Smooth semantic aliases

Point the Smooth coding runtime at llm.smoo.ai/v1 and use stable intent-based model names. Aliases re-target to new upstream models as better options ship — your code doesn't change.

Alias	Resolves to	Purpose
smooth-default	minimax-m2.7	Balanced fallback for anything unspecified
smooth-coding	minimax-m2.7	Coding workhorse — leads SWE-Pro at 56.22%
smooth-thinking	kimi-k2-thinking	Deep reasoning, architecture, hard planning
smooth-planning	glm-5.1	Task decomposition — #1 on SWE-Bench Pro (58.4%)
smooth-reviewing	qwen3-coder-plus	Adversarial critique — different lab from coder
smooth-judge	gemini-2.5-flash	Cheap fast JSON judge for guardrails + scoring
smooth-summarize	gemini-2.5-flash-lite	Long-context summaries + compression (1M ctx)
smooth-fast	claude-haiku-4-5	Cheap + fast utility model — session naming, titles, autocomplete

Every alias has a fallback chain — a single provider outage degrades to the next-best option rather than failing the request.

Why route through Smoo AI

Unified billing

One invoice across every lab.
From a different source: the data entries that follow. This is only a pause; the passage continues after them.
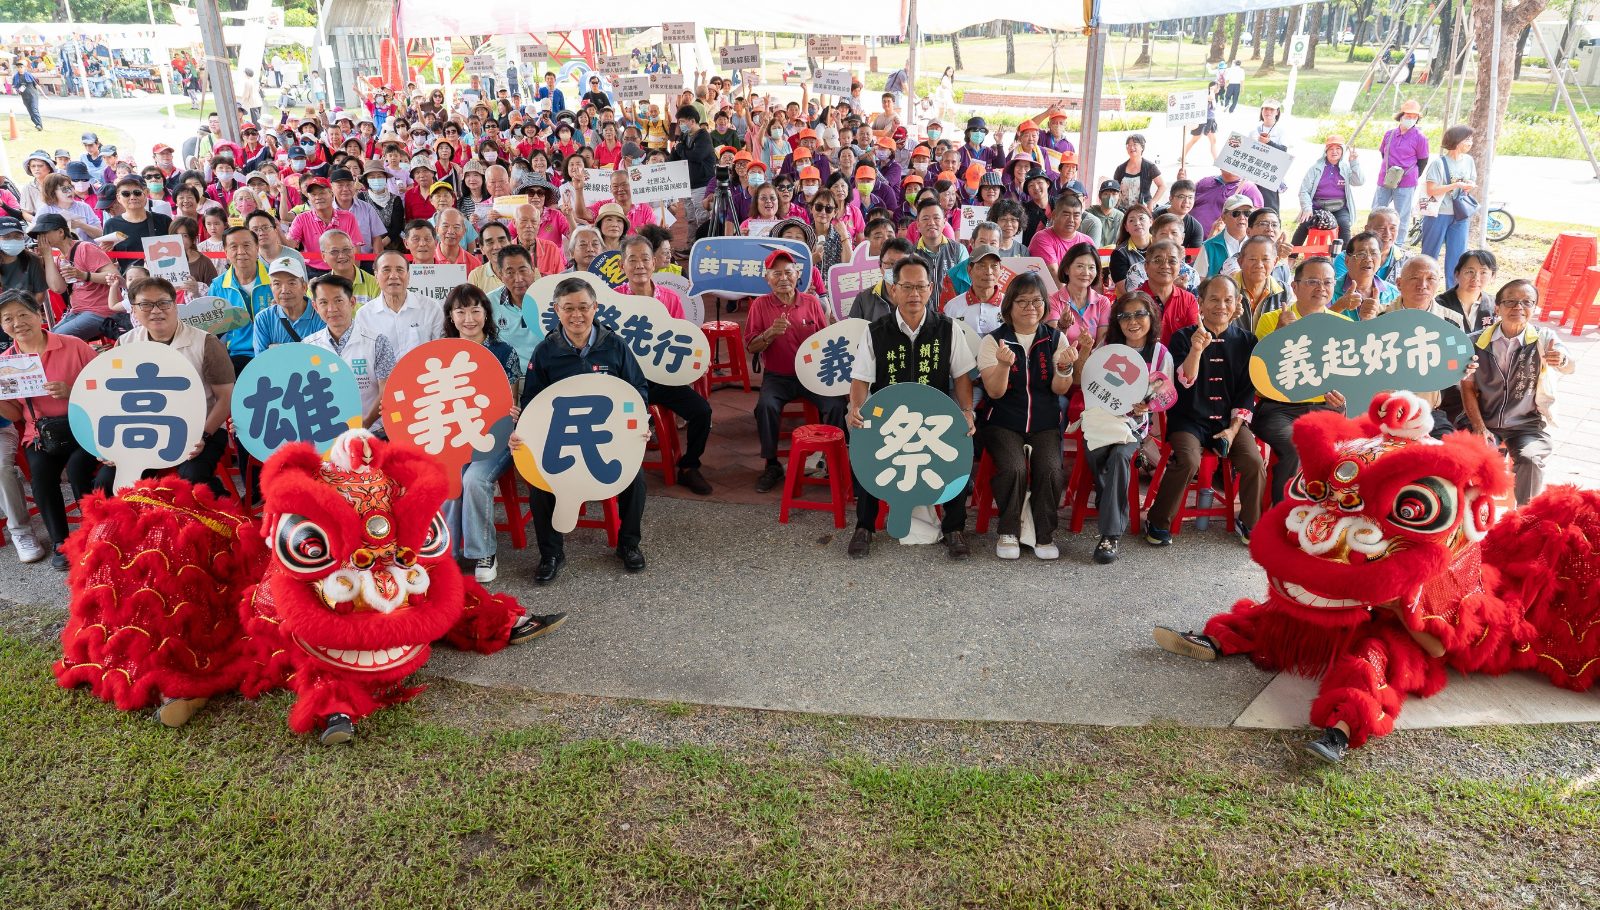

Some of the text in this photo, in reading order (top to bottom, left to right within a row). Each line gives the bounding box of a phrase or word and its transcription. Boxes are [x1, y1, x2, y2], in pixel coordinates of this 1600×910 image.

[647, 175, 673, 185] 社團法人
[1276, 326, 1441, 391] 義起好市
[98, 362, 191, 462] 高
[243, 369, 349, 450] 雄
[407, 350, 495, 456] 義
[540, 394, 623, 485] 民
[874, 404, 959, 492] 祭
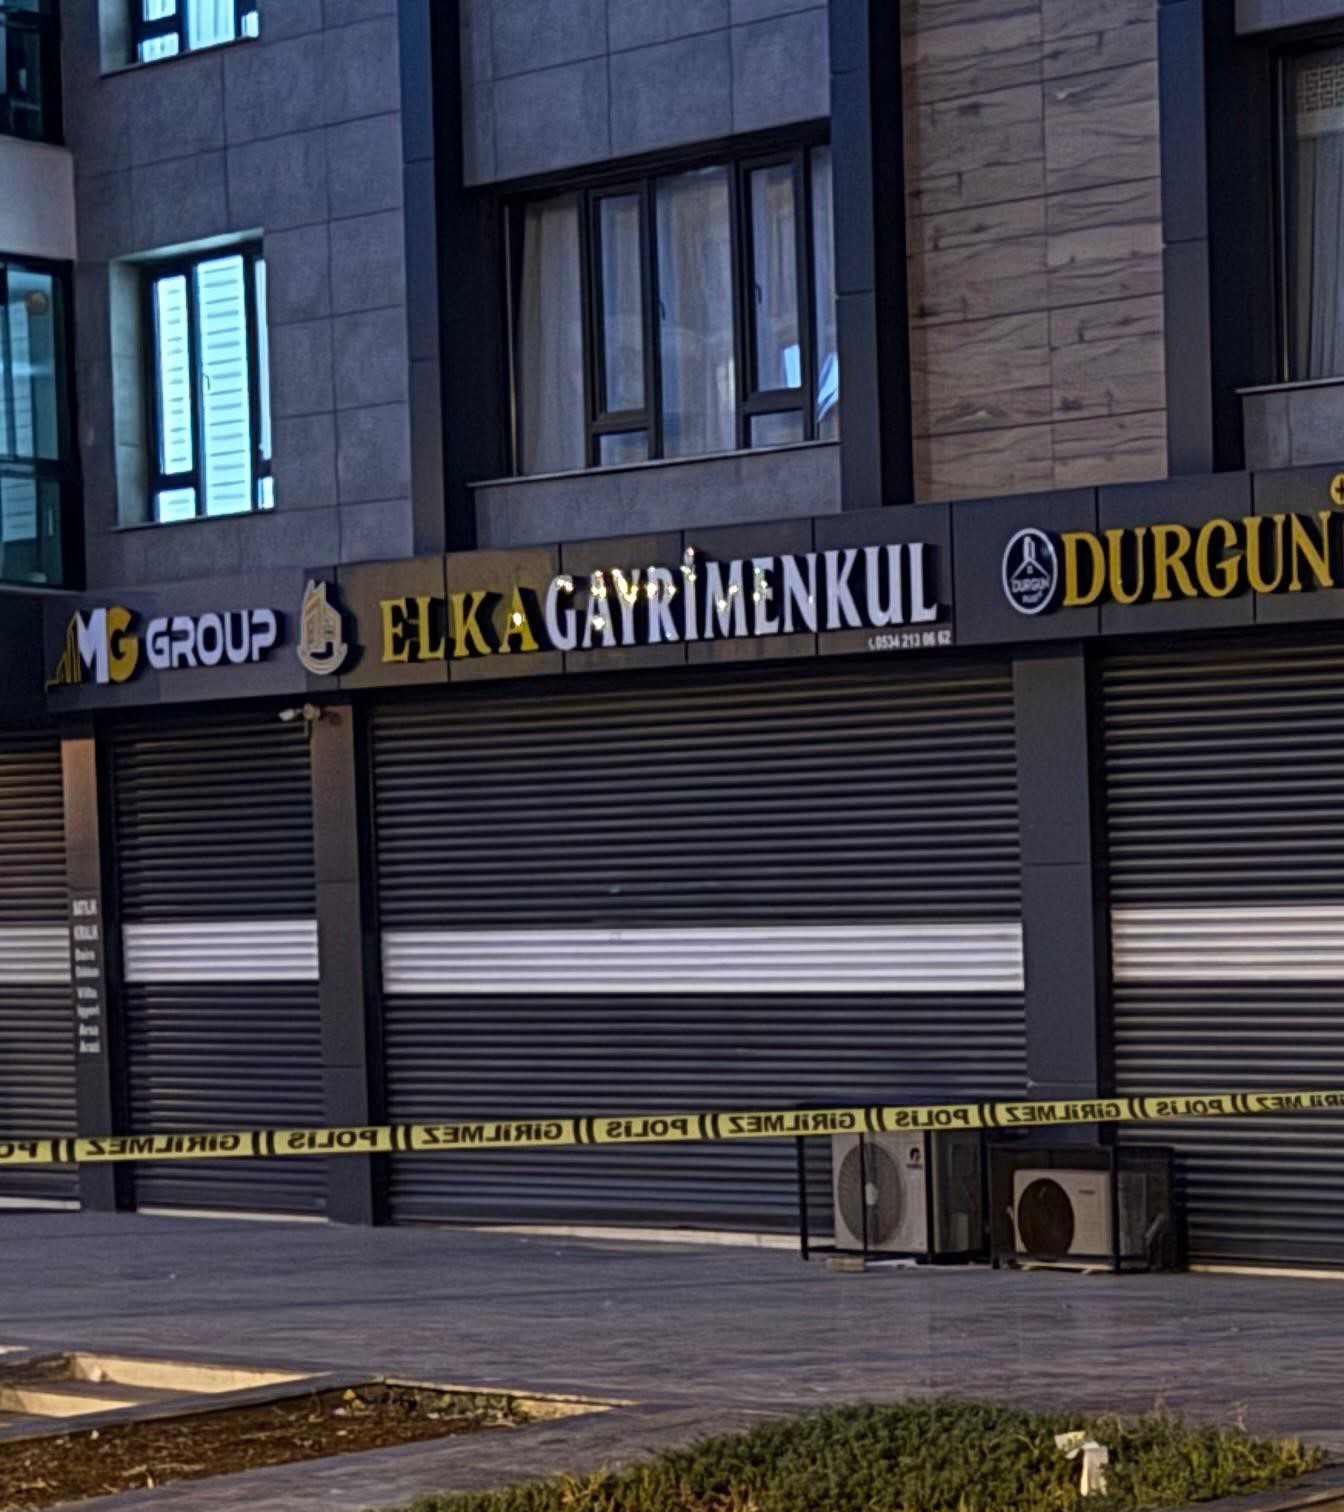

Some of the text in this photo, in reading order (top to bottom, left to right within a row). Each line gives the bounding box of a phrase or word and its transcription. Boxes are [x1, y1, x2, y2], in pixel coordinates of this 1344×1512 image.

[380, 542, 938, 664] ELKA GAYRİMENKUL
[1061, 509, 1334, 607] DURGUN
[76, 606, 277, 684] MG GROUP
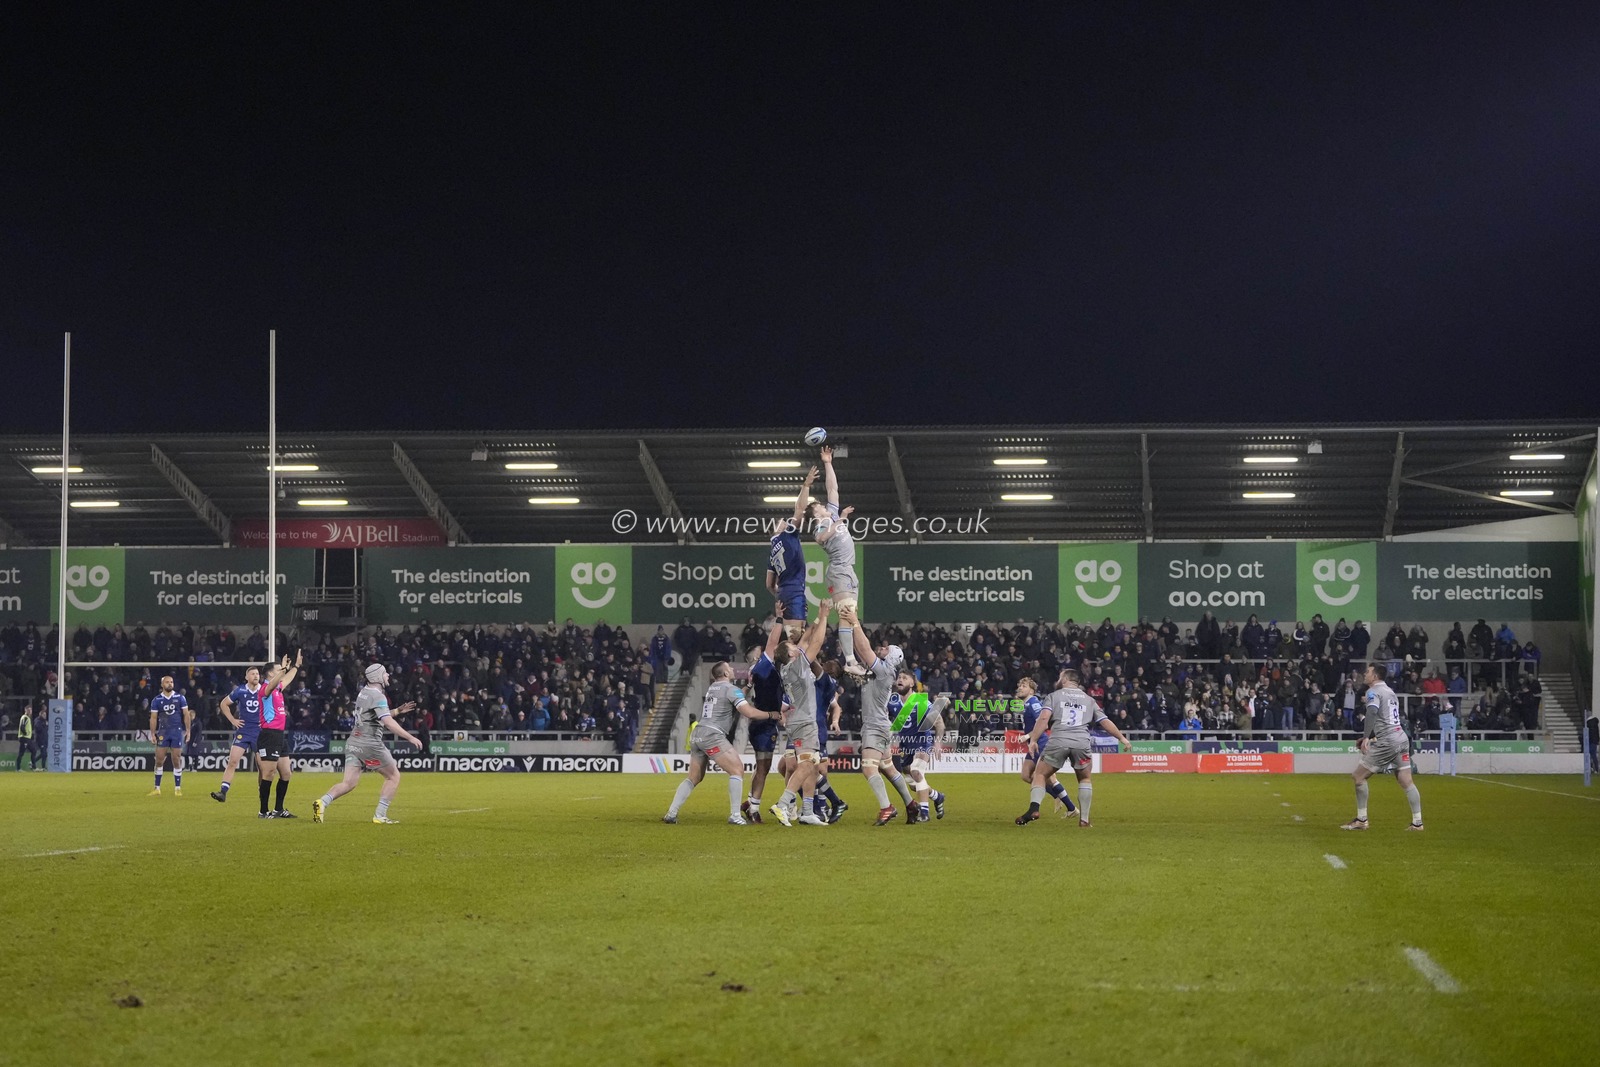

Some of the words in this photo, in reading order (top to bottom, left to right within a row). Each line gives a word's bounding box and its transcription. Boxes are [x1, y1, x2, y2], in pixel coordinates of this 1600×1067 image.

[289, 531, 300, 540] to
[302, 530, 318, 540] the
[341, 526, 364, 546] AJ
[366, 525, 399, 542] Bell
[402, 533, 440, 543] Stadium
[66, 565, 110, 587] ao
[392, 569, 425, 583] The
[429, 569, 530, 583] destination
[571, 563, 617, 584] ao
[662, 562, 725, 585] Shop
[729, 563, 755, 581] at
[890, 567, 924, 581] The
[928, 566, 1033, 581] destination
[1075, 560, 1122, 582] ao
[1169, 560, 1231, 583] Shop
[1238, 561, 1264, 578] at
[1313, 559, 1361, 581] ao
[1404, 565, 1439, 579] The
[1443, 564, 1551, 579] destination
[150, 571, 183, 585] The
[157, 591, 183, 605] for
[399, 590, 425, 604] for
[429, 590, 522, 604] electricals
[662, 590, 755, 608] ao.com
[897, 588, 925, 602] for
[929, 587, 1025, 602] electricals
[1169, 591, 1265, 606] ao.com
[1412, 585, 1440, 600] for
[1445, 585, 1544, 600] electricals
[303, 610, 319, 620] SHOT
[52, 716, 63, 767] Gallagher
[72, 756, 147, 770] macron
[440, 757, 515, 771] macron
[543, 757, 619, 771] macron
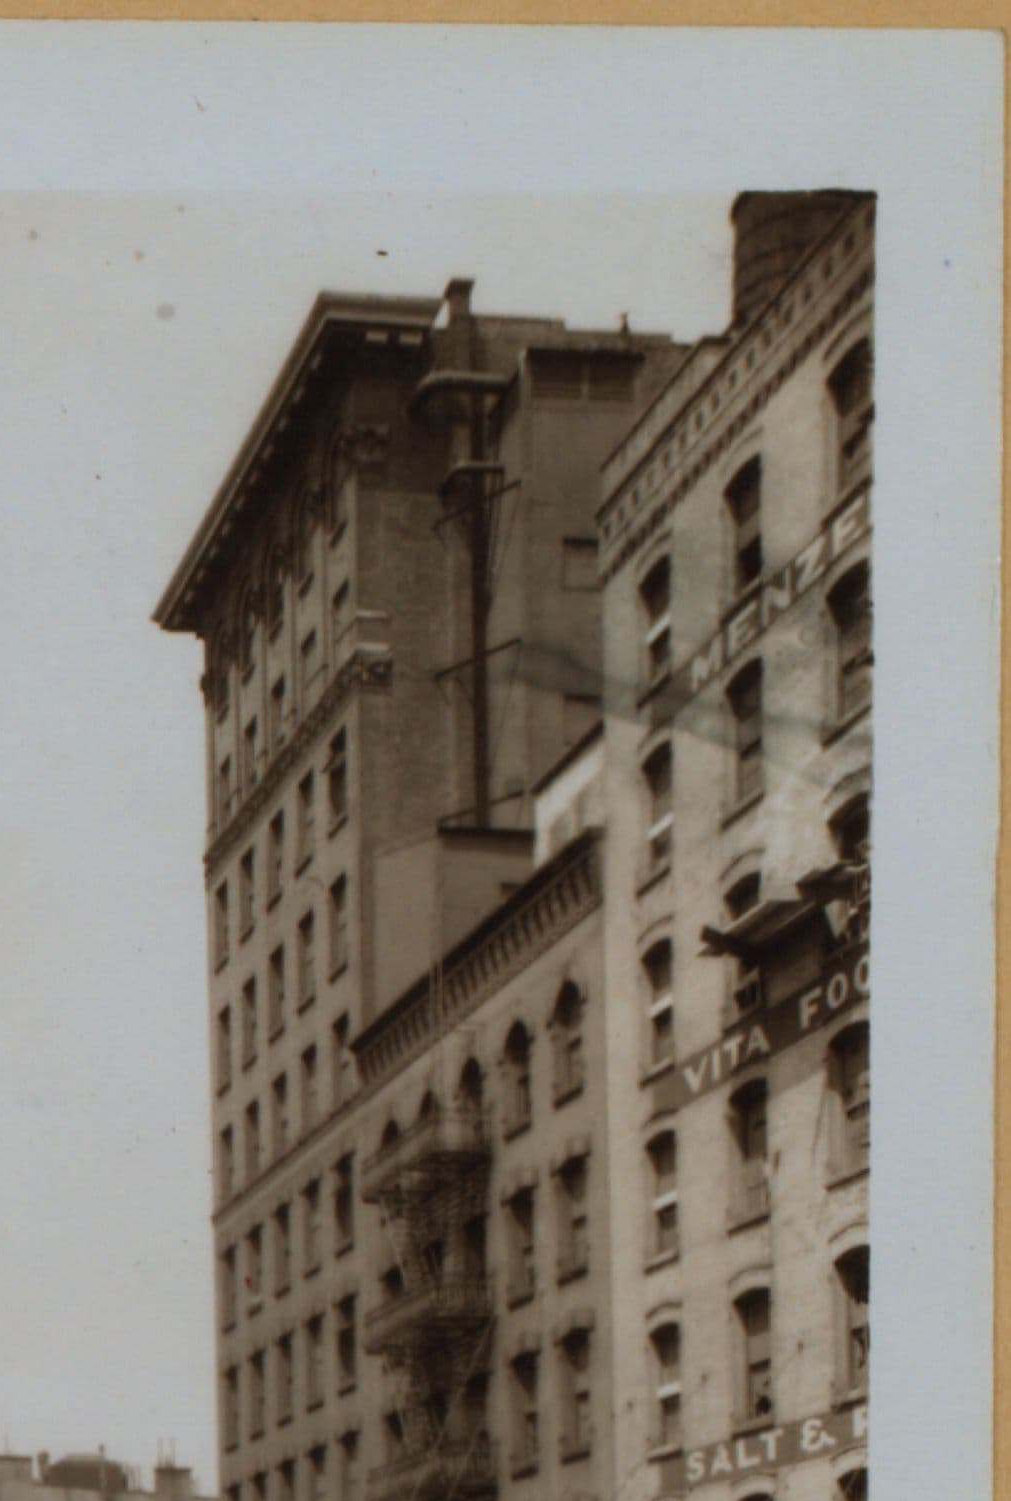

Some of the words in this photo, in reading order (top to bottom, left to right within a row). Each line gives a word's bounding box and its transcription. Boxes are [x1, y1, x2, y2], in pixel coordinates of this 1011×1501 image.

[690, 495, 865, 693] MENZE
[683, 1023, 771, 1094] VITA
[685, 1426, 785, 1482] SALT
[800, 1417, 837, 1452] &
Tier-based token allowances, per-org metering, Stripe-synced overage.

Org-scoped virtual keys

Each organization gets its own key with optional model allowlist and budget cap. Rotate from the dashboard — no downtime.

Automatic failover

Every model has a typed fallback chain. A Gemini Flash outage degrades to Llama 70B before surfacing an error.

Drop-in compatibility

OpenAI SDK, LangChain, LlamaIndex, Vercel AI SDK — anything that takes a base URL works unchanged.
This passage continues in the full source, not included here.